SNAP23 promotes insulin-dependent glucose uptake in 3T3-L1 adipocytes: possible interaction with cytoskeleton

Abstract

The acute stimulation of glucose uptake by insulin in fat and muscle cells is primarily the result of translocation of facilitative glucose transporter 4 (GLUT-4) from an internal compartment to the plasma membrane. Here, we investigate the role of SNAP23 (a 23-kDa molecule resembling the 25-kDa synaptosome associated protein) in GLUT-4 translocation and glucose uptake in 3T3-L1 adipocytes.
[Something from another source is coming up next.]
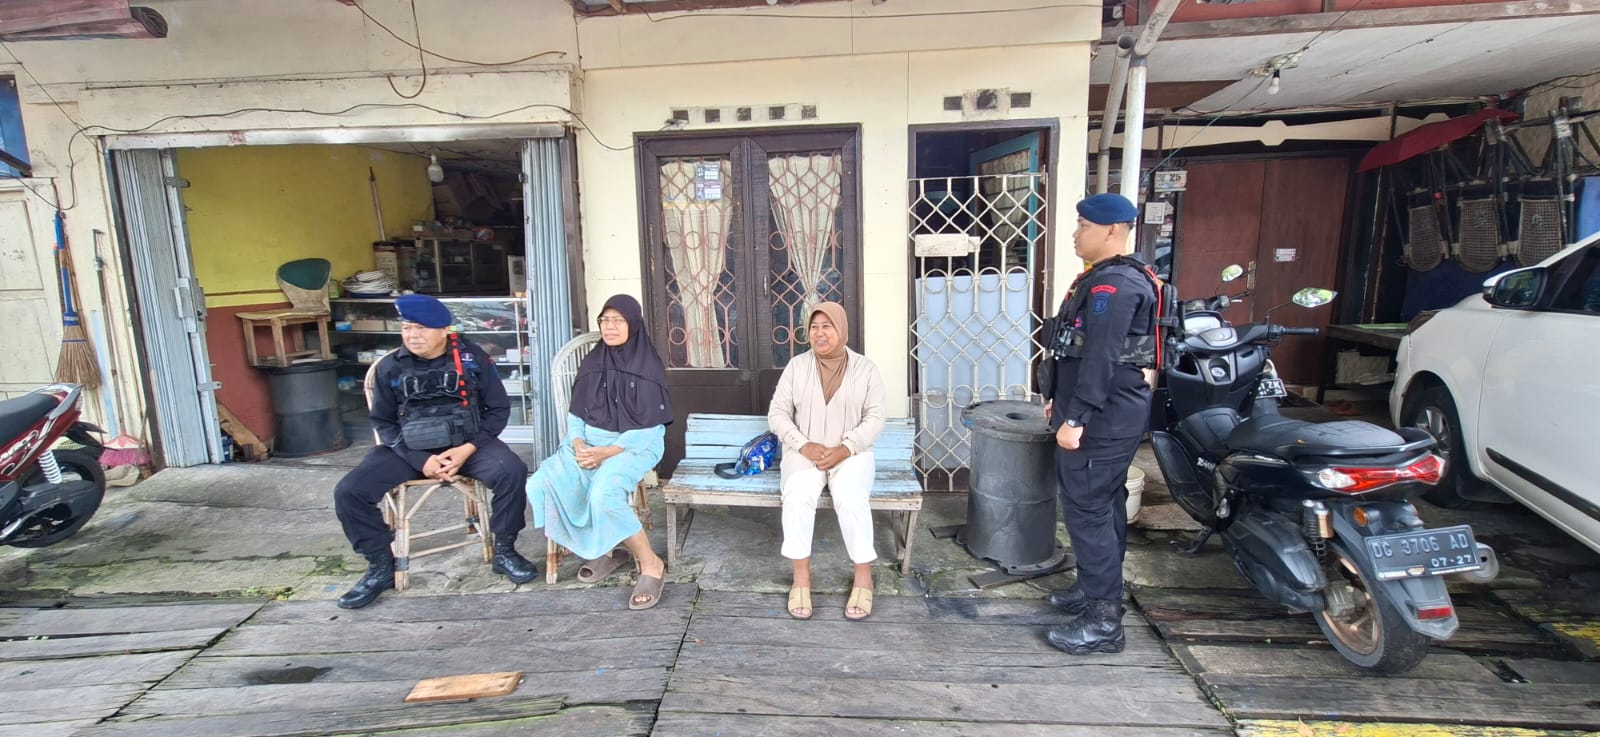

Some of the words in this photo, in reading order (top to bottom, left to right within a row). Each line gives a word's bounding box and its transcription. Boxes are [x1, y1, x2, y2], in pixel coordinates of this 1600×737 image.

[1372, 541, 1392, 558] DG
[1401, 536, 1440, 554] 3706
[1450, 533, 1469, 550] AD
Microinjection of a polyclonal antibody directed to the carboxy terminus of SNAP23 inhibited GLUT-4 incorporation into the membrane in response to insulin, whereas microinjection of full-length recombinant SNAP23 enhanced the insulin effect. Introduction of recombinant SNAP23 into chemically permeabilized cells also enhanced insulin-stimulated glucose transport. These results indicate that SNAP23 is required for insulin-dependent, functional incorporation of GLUT-4 into the plasma membrane and that the carboxy terminus of the protein is essential for this process. SNAP23 is therefore likely to be a fusion catalyst along with syntaxin-4 and vesicle-associated membrane protein (VAMP)-2. Furthermore, the endogenous content of SNAP23 appears to be limiting for insulin-dependent GLUT-4 exposure at the cell surface. A measurable fraction of SNAP23 was sedimented with cytoskeletal elements when extracted with Triton X-100, unlike VAMP-2 and syntaxin-4, which were exclusively soluble in detergent. We hypothesize that SNAP23 and its interaction with the cytoskeleton may be targets for regulation of GLUT-4 traffic.